People post their prayers into the wall – the higher up they put the prayer in the closer to God it is.
Western Wall Wikipedia HERE (23.10.2015)
The Temple Mount is the holiest site in Judaism and is the place to which Jews turn during prayer, and the Western Wall is considered holy due to its connection to the Temple. Due to the rabbinic ban on praying on the Mount, the Wall is the holiest place where Jews are permitted to pray.
The term Western Wall and its variations is mostly used in a narrow sense for the section traditionally used by Jews for prayer, and it has also been called the “Wailing Wall”, referring to the practice of Jews weeping at the site over the Destruction of the Temples.

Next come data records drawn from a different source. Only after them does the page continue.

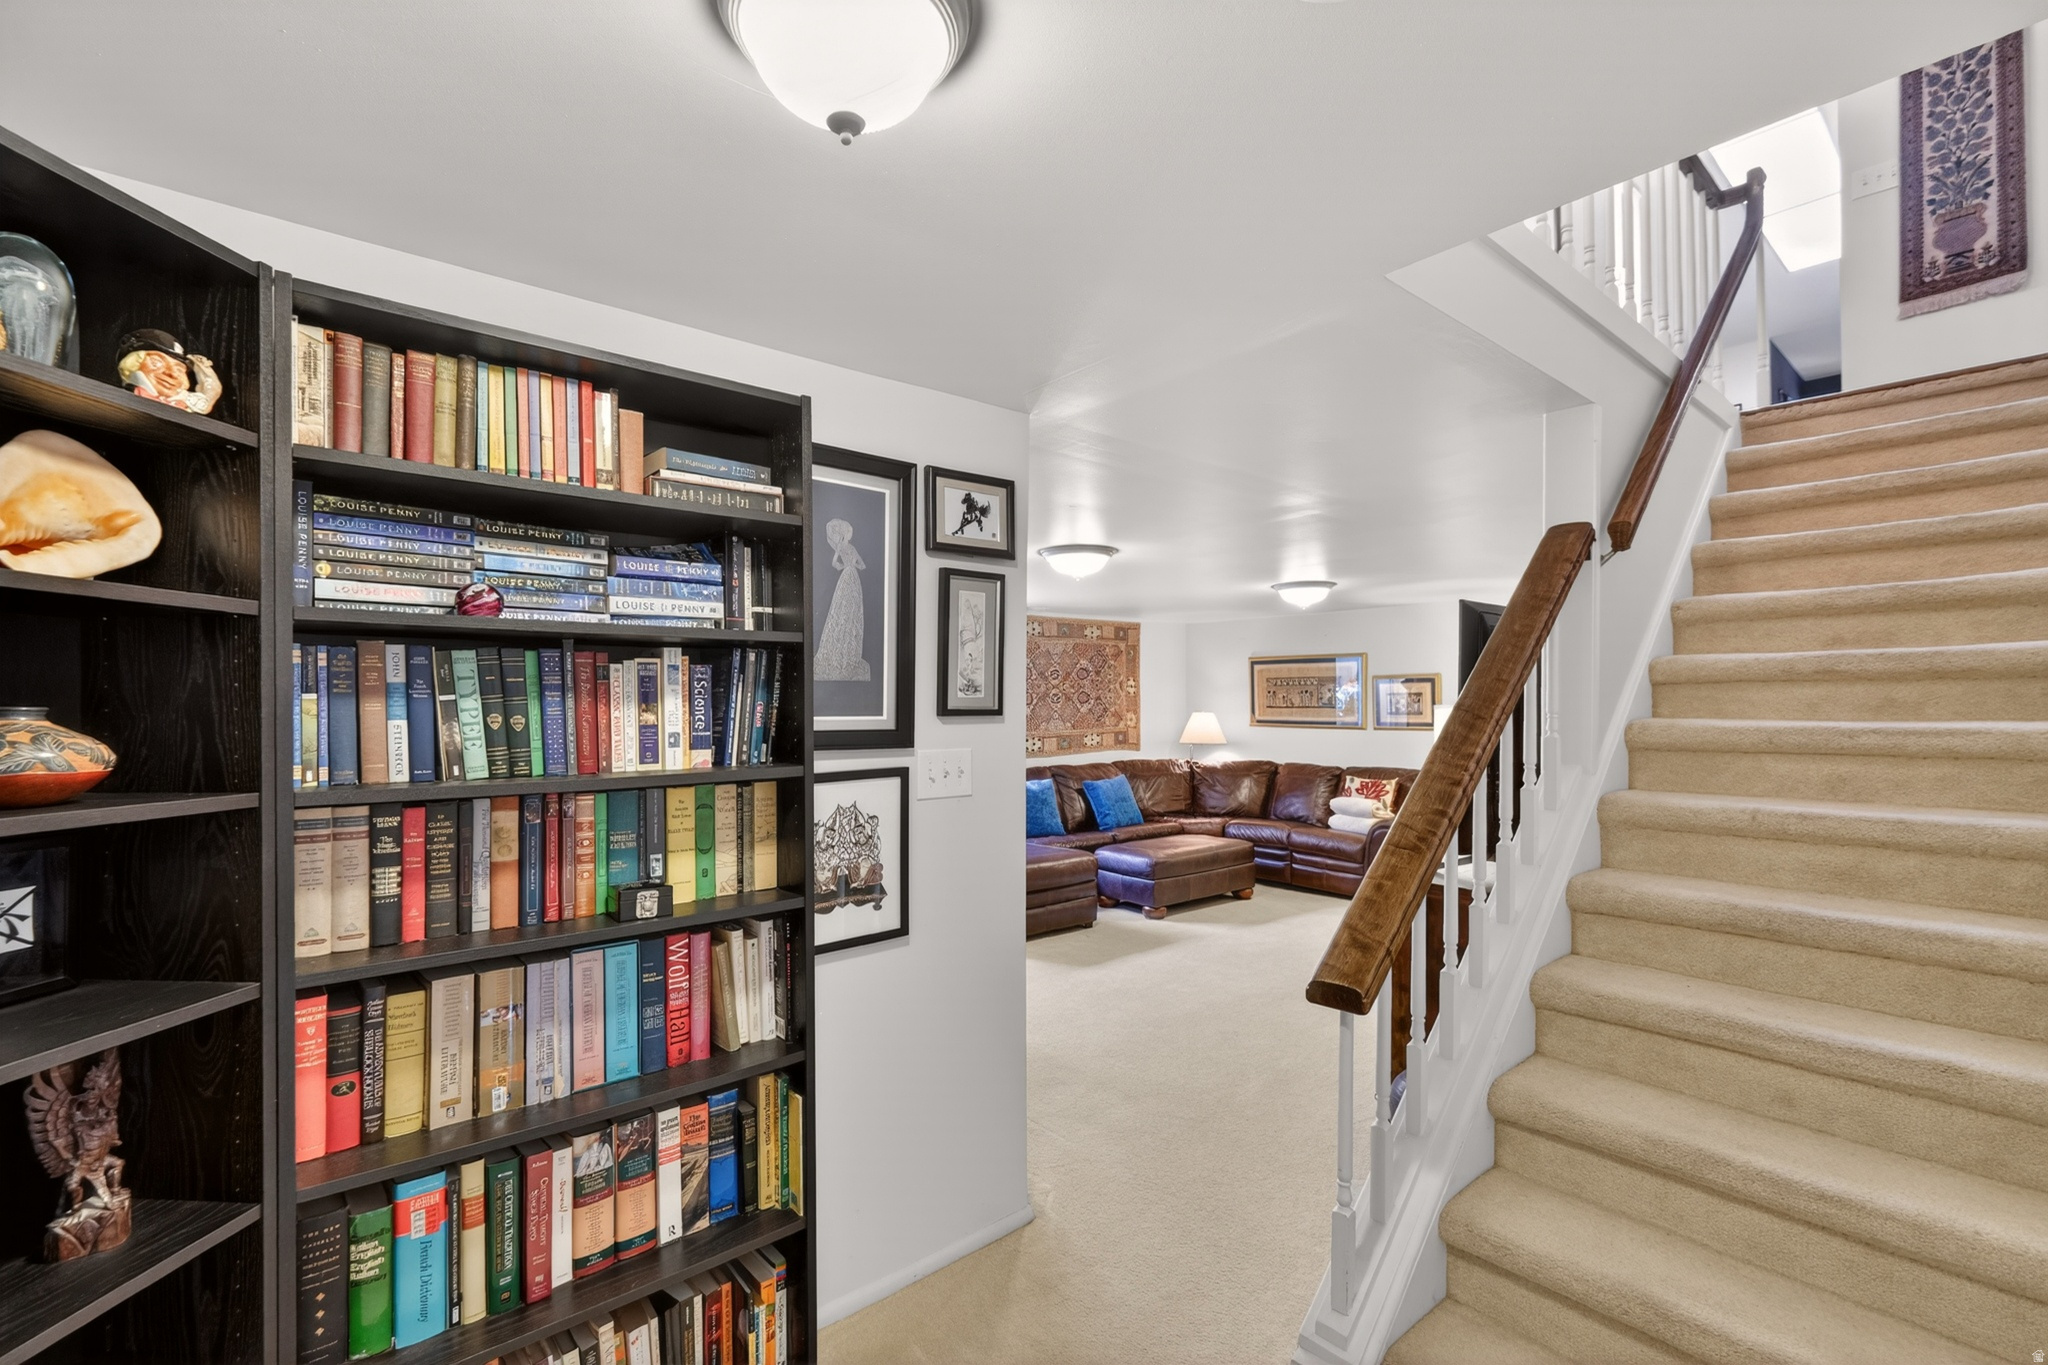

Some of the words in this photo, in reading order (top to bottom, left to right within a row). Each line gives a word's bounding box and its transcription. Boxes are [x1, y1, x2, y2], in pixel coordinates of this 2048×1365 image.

[298, 491, 307, 529] LOUISE
[329, 500, 379, 513] LOUISE
[380, 506, 421, 518] PENNY
[329, 519, 379, 530] LOUISE
[380, 523, 420, 535] PENNY
[486, 524, 525, 536] LOUISE
[528, 529, 564, 541] PENNY
[298, 533, 307, 570] PENNY
[329, 533, 377, 545] LOUISE
[379, 539, 420, 550] PENNY
[329, 548, 377, 561] LOUISE
[379, 554, 420, 564] PENNY
[336, 566, 383, 576] LOUISE
[386, 571, 427, 580] PENNY
[623, 560, 660, 572] LOUISE
[676, 564, 709, 576] PENNY
[334, 585, 381, 596] LOUISE
[485, 576, 524, 586] LOUISE
[526, 579, 561, 590] PENNY
[615, 600, 655, 611] LOUISE
[671, 603, 705, 614] PENNY
[391, 652, 402, 678] JOHN
[457, 668, 482, 751] TYPEE
[694, 680, 708, 729] Science
[393, 724, 404, 776] STEINBECK
[668, 938, 690, 989] Wolf
[669, 1006, 690, 1046] Hall
[420, 1239, 432, 1273] French
[417, 1273, 433, 1323] Dictionary

The wall has been a site for Jewish prayer and pilgrimage for centuries; the earliest source mentioning this specific site as a place of worship is from the 16th century.

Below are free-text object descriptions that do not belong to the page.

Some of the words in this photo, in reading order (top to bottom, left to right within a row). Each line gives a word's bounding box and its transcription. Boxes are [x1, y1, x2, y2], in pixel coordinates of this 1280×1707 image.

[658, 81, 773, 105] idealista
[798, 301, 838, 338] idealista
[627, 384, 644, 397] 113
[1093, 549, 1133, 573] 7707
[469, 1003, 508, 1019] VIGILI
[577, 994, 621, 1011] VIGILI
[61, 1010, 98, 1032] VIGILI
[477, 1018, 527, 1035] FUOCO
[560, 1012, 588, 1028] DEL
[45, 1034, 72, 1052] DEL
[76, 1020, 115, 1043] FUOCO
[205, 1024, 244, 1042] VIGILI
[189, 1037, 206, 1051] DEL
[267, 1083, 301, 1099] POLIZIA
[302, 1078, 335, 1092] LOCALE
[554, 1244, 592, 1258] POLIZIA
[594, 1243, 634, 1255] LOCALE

There is a much publicised practice of placing slips of paper containing kvitelach, written prayers, into the crevices of the Wall. The earliest account of this practice is recorded in Sefer Tamei Ha-minhagim U’mekorei Ha-dinim and involves Rabbi Chaim ibn Attar, (d. 1743).More than a million notes are placed each year and the opportunity to e-mail notes is offered by a number of organisations. It has become customary for visiting dignitaries to place notes too.